* What to work on: Any images in the records should be skipped; transcribe the rest exactly.

========================================================================

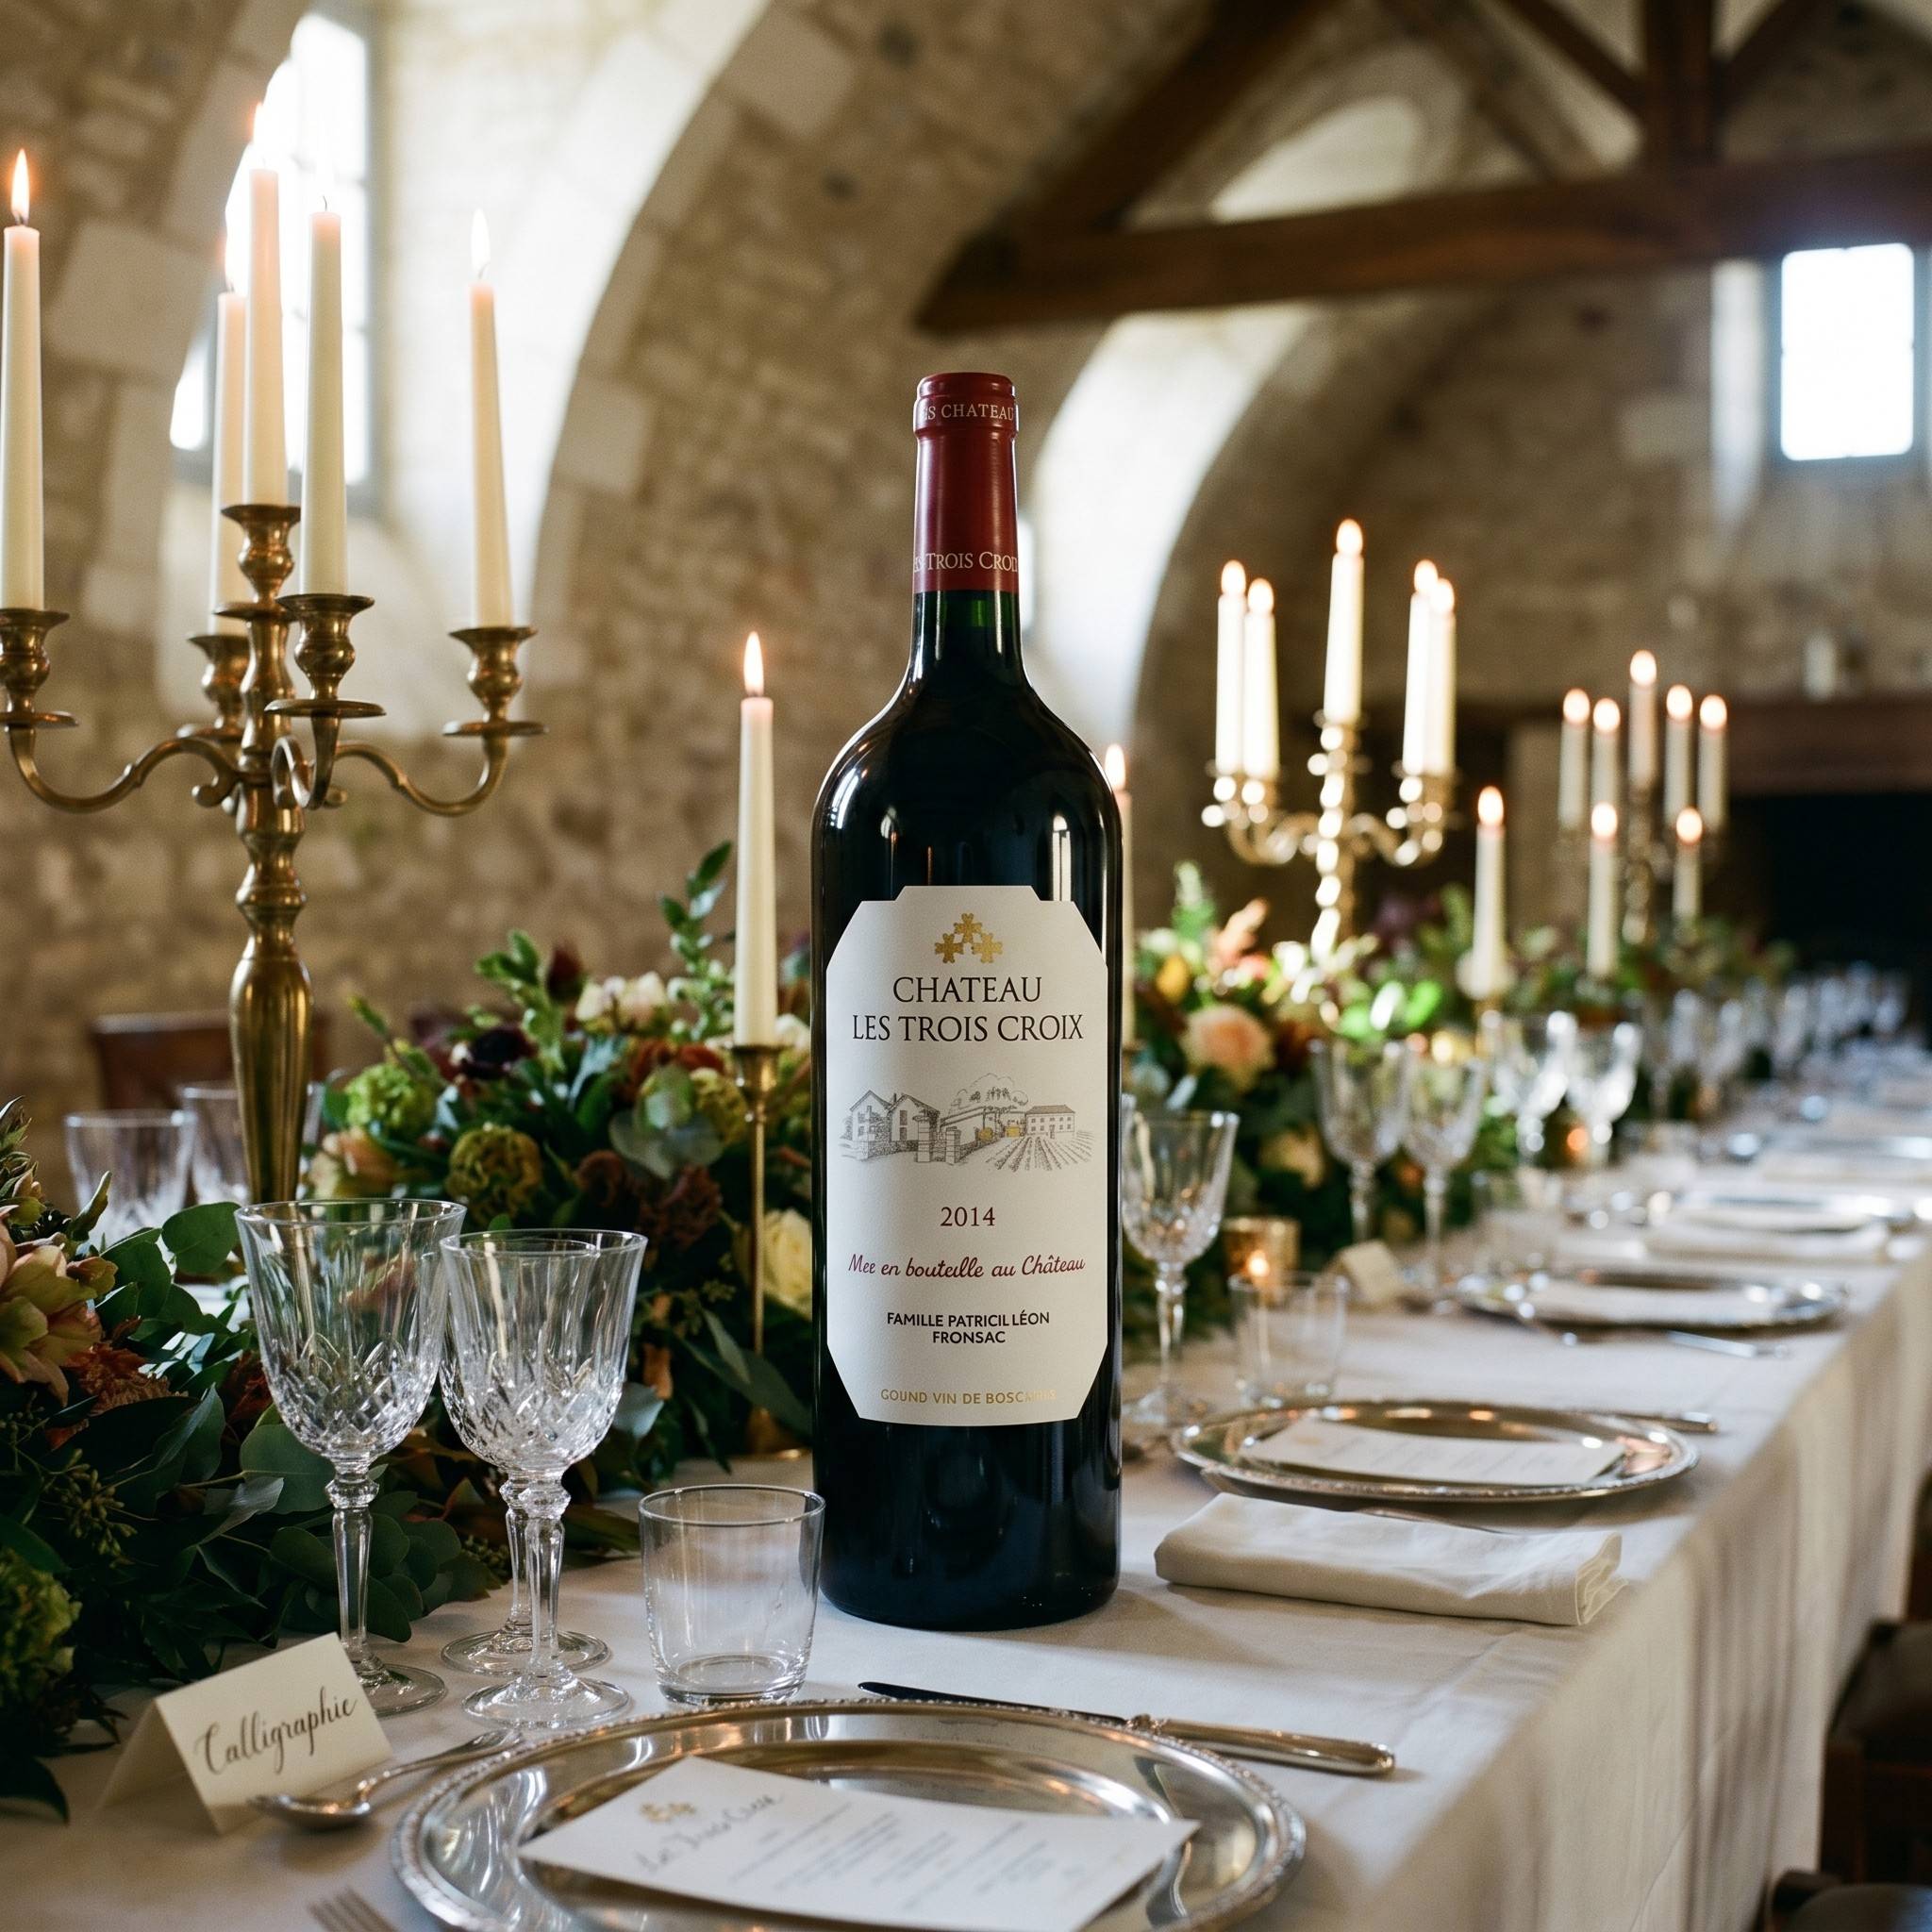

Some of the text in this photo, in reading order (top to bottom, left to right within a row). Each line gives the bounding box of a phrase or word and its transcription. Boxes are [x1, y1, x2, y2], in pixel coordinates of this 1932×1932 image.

[941, 404, 1014, 421] CHATEAU
[925, 553, 974, 570] TROIS
[893, 976, 1041, 1003] CHATEAU
[853, 1015, 1083, 1041] LES TROIS CROIX
[941, 1207, 995, 1226] 2014
[881, 1264, 901, 1275] en
[991, 1263, 1016, 1277] au
[1022, 1255, 1086, 1275] Château
[887, 1312, 943, 1327] FAMILLE
[1012, 1309, 1050, 1326] LÉON
[933, 1331, 1006, 1344] FRONSAC
[880, 1389, 927, 1404] GOUND
[933, 1392, 957, 1405] VIN
[963, 1393, 981, 1405] DE
[194, 1686, 358, 1775] Calligraphie

========================================================================

* Solution to this task:
Some of the text in this photo, in reading order (top to bottom, left to right within a row). Each line gives the bounding box of a phrase or word and its transcription. Boxes are [x1, y1, x2, y2], in pixel coordinates of this 1932×1932 image.

[941, 404, 1014, 421] CHATEAU
[925, 553, 974, 570] TROIS
[893, 976, 1041, 1003] CHATEAU
[853, 1015, 1083, 1041] LES TROIS CROIX
[941, 1207, 995, 1226] 2014
[881, 1264, 901, 1275] en
[991, 1263, 1016, 1277] au
[1022, 1255, 1086, 1275] Château
[887, 1312, 943, 1327] FAMILLE
[1012, 1309, 1050, 1326] LÉON
[933, 1331, 1006, 1344] FRONSAC
[880, 1389, 927, 1404] GOUND
[933, 1392, 957, 1405] VIN
[963, 1393, 981, 1405] DE
[194, 1686, 358, 1775] Calligraphie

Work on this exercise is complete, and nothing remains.